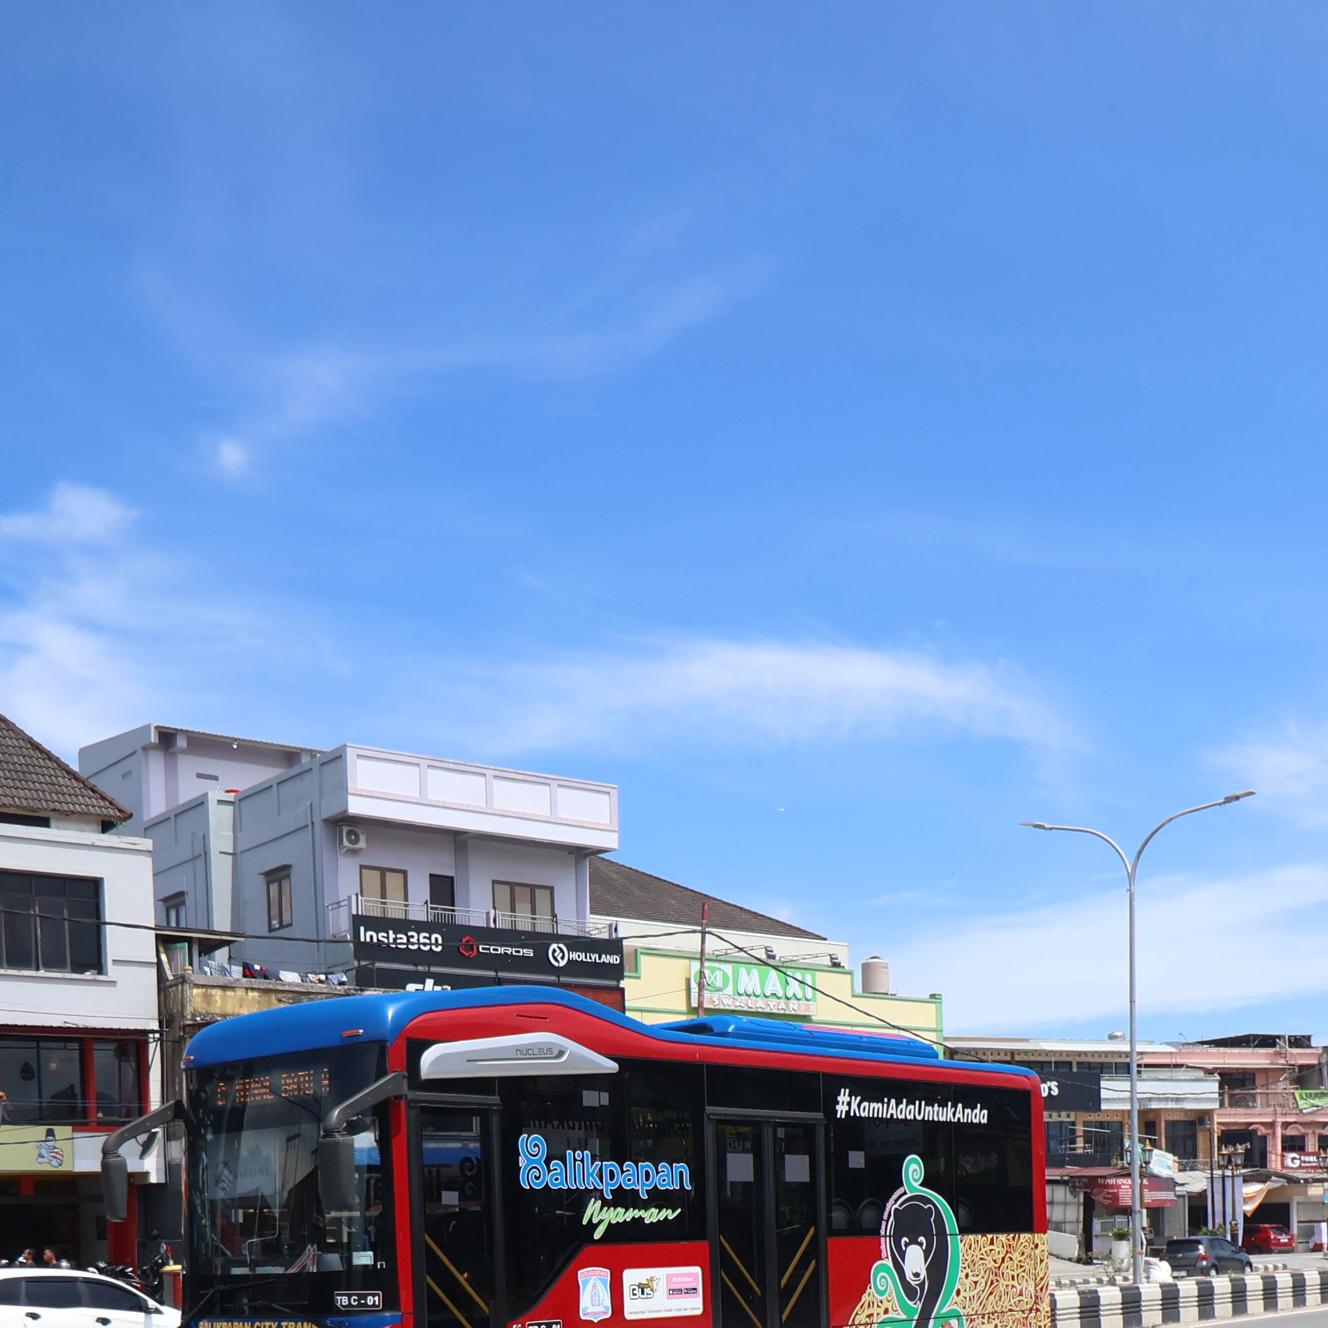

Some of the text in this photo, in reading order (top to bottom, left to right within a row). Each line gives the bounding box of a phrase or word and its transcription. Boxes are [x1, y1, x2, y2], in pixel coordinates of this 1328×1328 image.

[359, 926, 443, 952] Insta360
[479, 945, 534, 958] COROS
[569, 951, 621, 965] HOLLYLAND
[737, 967, 813, 1001] MAXI
[712, 997, 799, 1013] SWALAYAN
[515, 1047, 554, 1057] NUCLEUS
[835, 1088, 989, 1124] #KamiAdaUntukAnda
[518, 1134, 692, 1199] Balikpapan
[582, 1198, 681, 1240] Nyaman
[336, 1295, 348, 1306] TB
[350, 1295, 359, 1306] C
[366, 1295, 379, 1306] 01
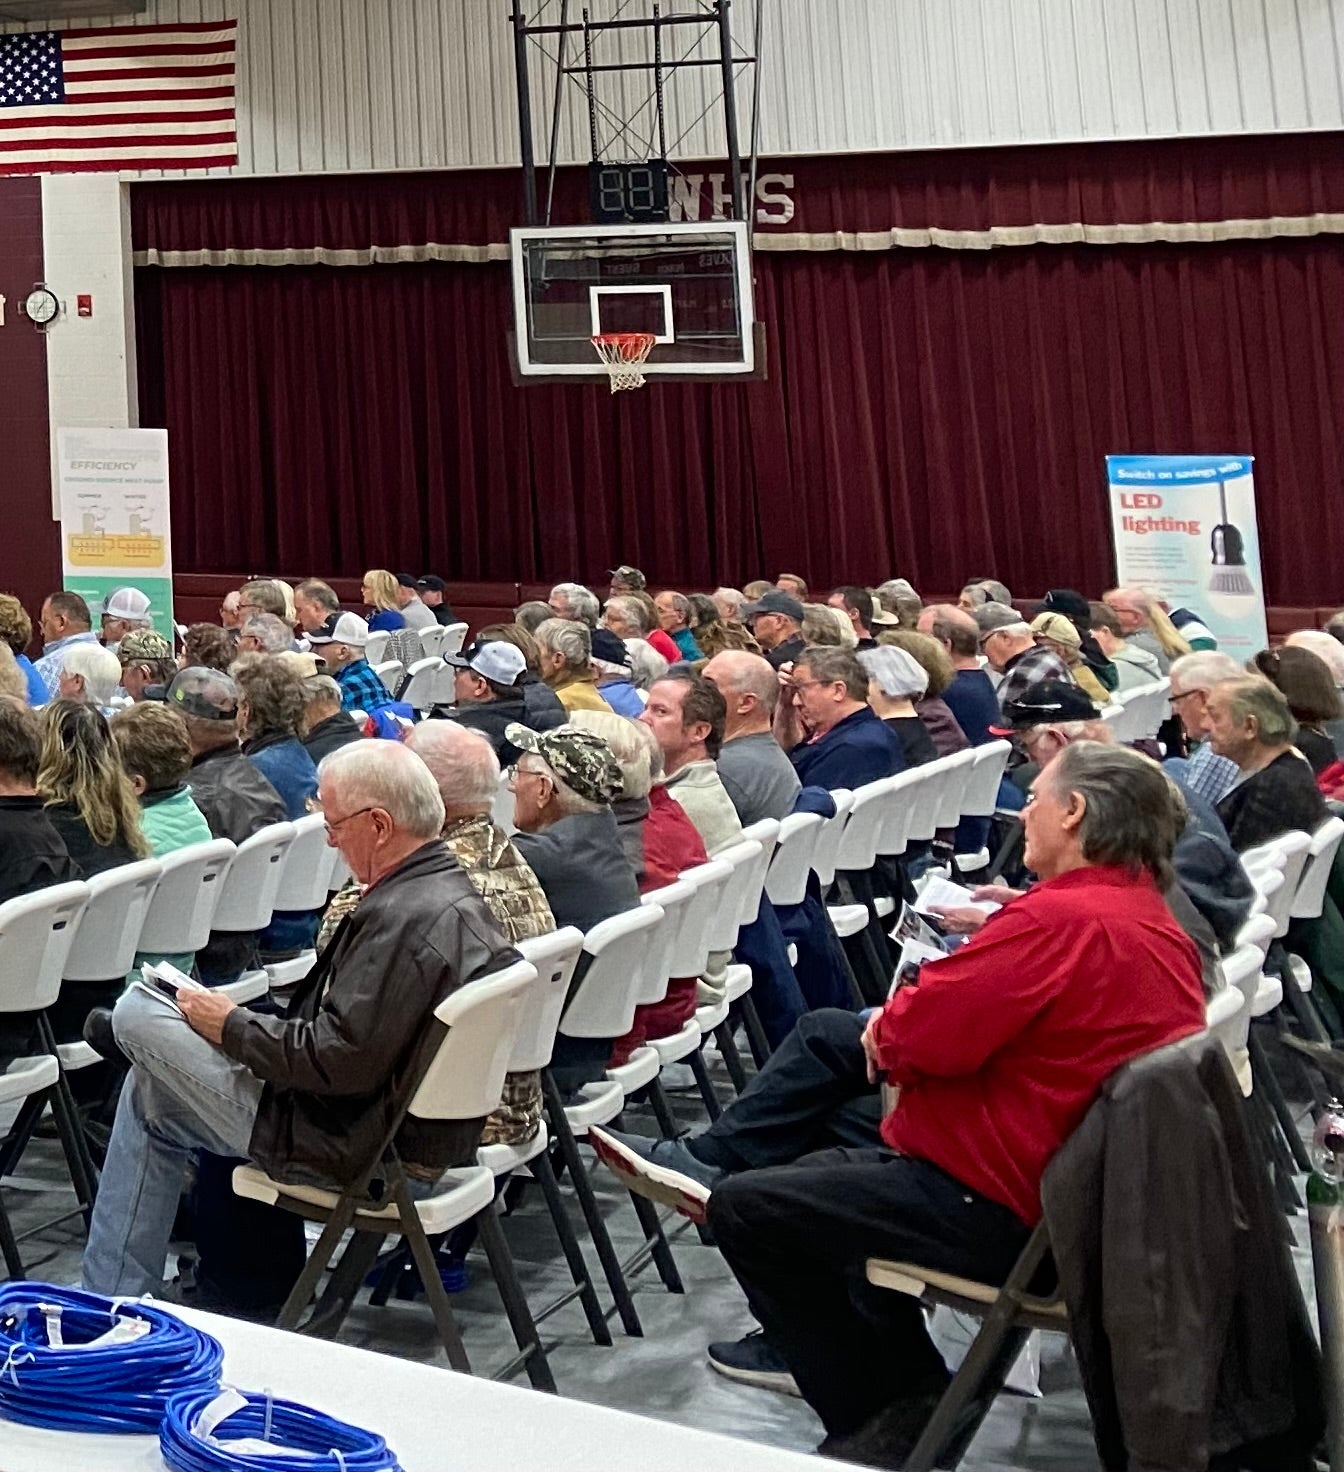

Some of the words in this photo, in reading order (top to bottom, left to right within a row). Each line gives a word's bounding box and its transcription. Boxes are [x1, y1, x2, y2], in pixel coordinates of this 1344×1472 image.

[70, 461, 137, 471] EFFICIENCY
[1117, 469, 1155, 479] Switch
[1176, 468, 1216, 479] savings
[1218, 462, 1242, 473] with
[1120, 493, 1163, 509] LED
[1122, 516, 1201, 535] lighting
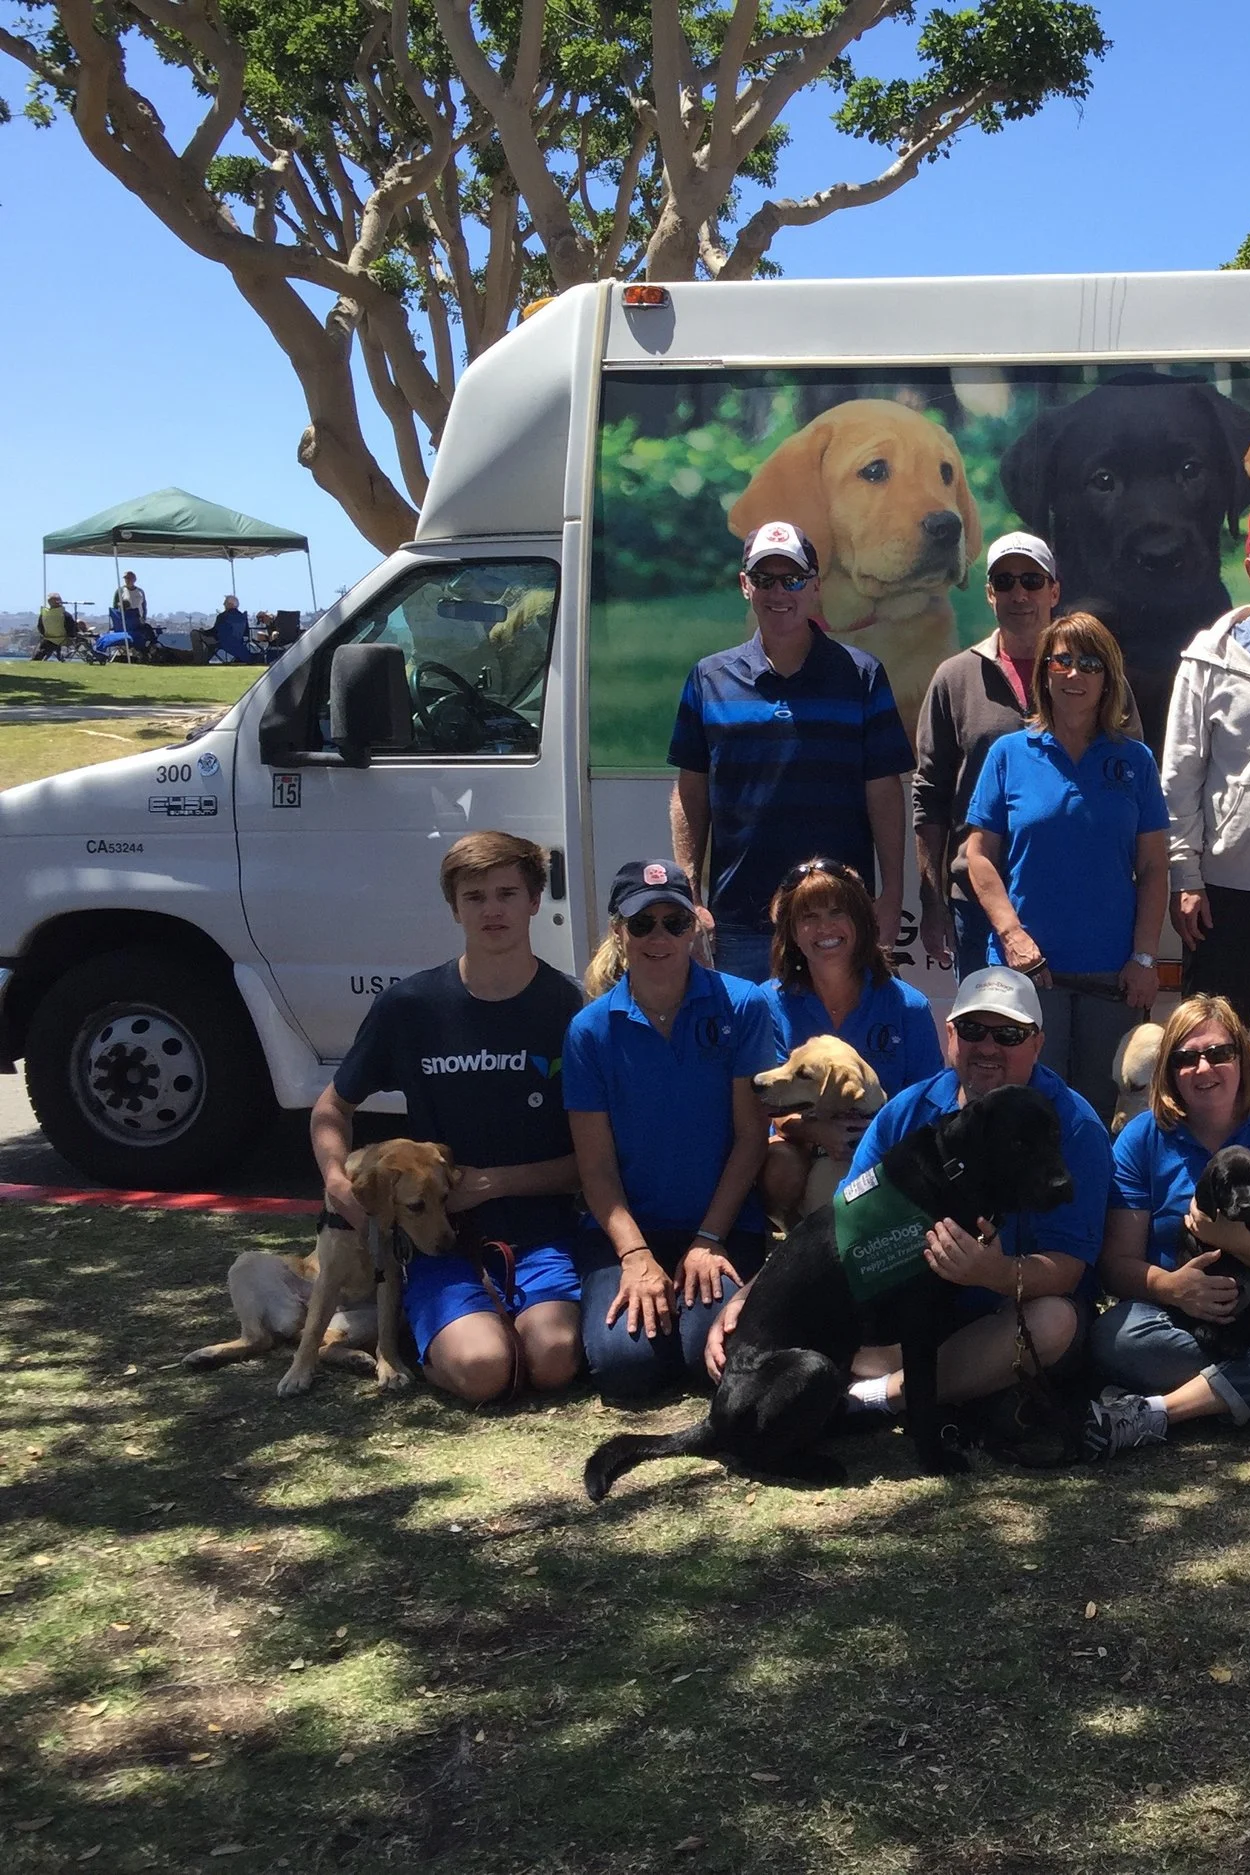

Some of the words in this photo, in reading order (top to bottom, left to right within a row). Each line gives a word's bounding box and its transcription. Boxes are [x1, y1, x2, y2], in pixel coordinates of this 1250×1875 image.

[156, 763, 192, 784] 300
[276, 783, 297, 804] 15
[86, 839, 145, 854] CA53244
[421, 1049, 527, 1075] snowbird
■ ■ ■
▶ **INSTRUCTIONS FOR THE TASK**
Give back, exactly and with nothing added, the lines from the line with "this 1344×1472 image." through the final line of the data, both included; leave pictures out.

▶ **TASK RESPONSE**
Some of the words in this photo, in reading order (top to bottom, left to right within a row). Each line gives a word's bounding box and its transcription. Boxes are [x1, y1, x2, y2], in pixel coordinates of this 1344×1472 image.

[70, 461, 137, 471] EFFICIENCY
[1117, 469, 1155, 479] Switch
[1176, 468, 1216, 479] savings
[1218, 462, 1242, 473] with
[1120, 493, 1163, 509] LED
[1122, 516, 1201, 535] lighting

Some of the words in this photo, in reading order (top to bottom, left to right within a row). Each line gives a word's bounding box and its transcription. Boxes are [x1, y1, x2, y2], in pixel coordinates of this 1250×1875 image.

[156, 763, 192, 784] 300
[276, 783, 297, 804] 15
[86, 839, 145, 854] CA53244
[421, 1049, 527, 1075] snowbird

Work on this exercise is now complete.